The Truth about ZOES Growth Potential
It's very impressive that ZOES is consistently growing same store sales above 5.5%, but their largest growth opportunity is in expanding their footprint from 150 stores to over 1,600. Although some people, including this Seeking Alpha writer, have been skeptical of this number, they fail to give any reason why it can't be achieved. Rather than join him in making unfounded speculation about future store counts, I'd rather look at the facts, and see how ZOES has performed in their most established markets.
Although ZOES is far from saturated in Texas, (their Texas stores have increased 26% this year, from 34 to 43), it provides the best examples of how many stores a populated metropolitan area can support. The Dallas area is home to 19 ZOES restaurants, and those are almost exclusively located in Dallas and Plano. With only one restaurant in Fort Worth, and none in Irving or Arlington, the area could support 30 restaurants or more from the chain. Houston is another great example. While not yet close to saturated, that market already has 13 ZOES restaurants. Even with the floods, and other weather issues early in the year, and an economy hampered by oil prices, they've been able to generate great same store sales growth and add locations. That speaks to the strength of brand and demand for this concept, and gives you a good idea of what it can do in other metropolitan areas around the country.
ZOES has also been very successful outside of large metropolitan areas. They are building restaurants in cities like Destin, FL, Peachtree City, GA, and Dothan, AL, all cities with far less than 75,000 people. With the opportunity to put 30+ restaurants in large metropolitan areas, and add locations in small and mid-sized cities around the country, it's not hard at all to come up with a scenario where ZOES opens 1,600 locations.
Another unfounded argument about ZOES growth potential is that this concept won't be successful in northern states.

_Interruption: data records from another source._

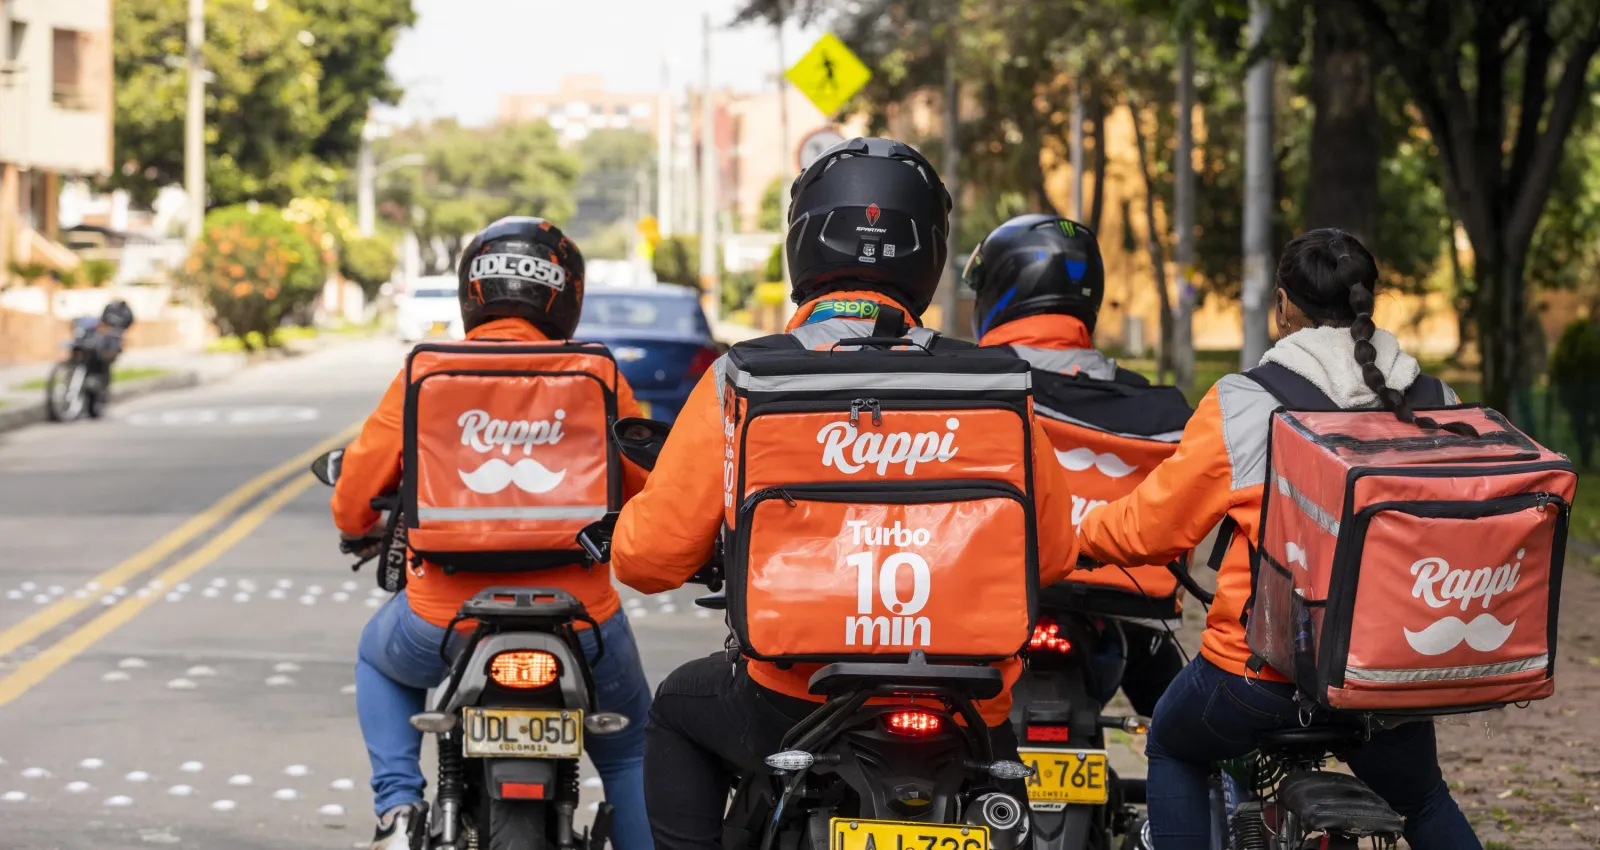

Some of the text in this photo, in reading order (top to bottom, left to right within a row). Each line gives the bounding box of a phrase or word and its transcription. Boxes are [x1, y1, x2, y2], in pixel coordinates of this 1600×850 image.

[471, 255, 565, 286] UDL-05D
[457, 408, 565, 456] Rappi
[817, 417, 960, 476] Rappi
[846, 520, 931, 547] Turbo
[846, 551, 931, 615] 10
[1410, 548, 1525, 611] Rappi
[845, 615, 931, 646] min
[498, 743, 549, 752] COLOMBIA

In order to get to 1,600 locations, ZOES will need to be successful outside of southern states. The good news is, they have already proven the concept in the northeast. There are currently 8 ZOES restaurants in Pennsylvania, 6 in Maryland, and 2 in New Jersey, all of which have proven that there is a demand for a fresh new concept of healthy food in all parts of the country.
The Counter to the Short Thesis
Since becoming a public company, ZOES has delivered quarterly SSS growth between 5.6% and 7.9%. Their existing stores have proven that there is demand for this concept, and that they can execute on the growth. Their long term goals related to store count are supported by their ability to put a high number of stores in each market they enter.
Despite this success, the stock has a very high short interest, at over 30% of the float. The stock is virtually impossible to short today because you either can't get a borrow, or you pay a 50% to 60% rate. Put options on the stock have premiums built into them that make no rational sense. Despite constant short selling, and a very difficult stock market in general, ZOES stock has held up very well. The recent dip provides an excellent buying opportunity, and potentially the last one you will see at this level. The company continues to open stores and deliver on growth. Pair that with short borrow rates over 50%, forcing short sellers to cover, and we could see a very strong rally into year-end.
Disclosure: I am/we are long ZOES.
I wrote this article myself, and it expresses my own opinions. I am not receiving compensation for it (other than from Seeking Alpha). I have no business relationship with any company whose stock is mentioned in this article.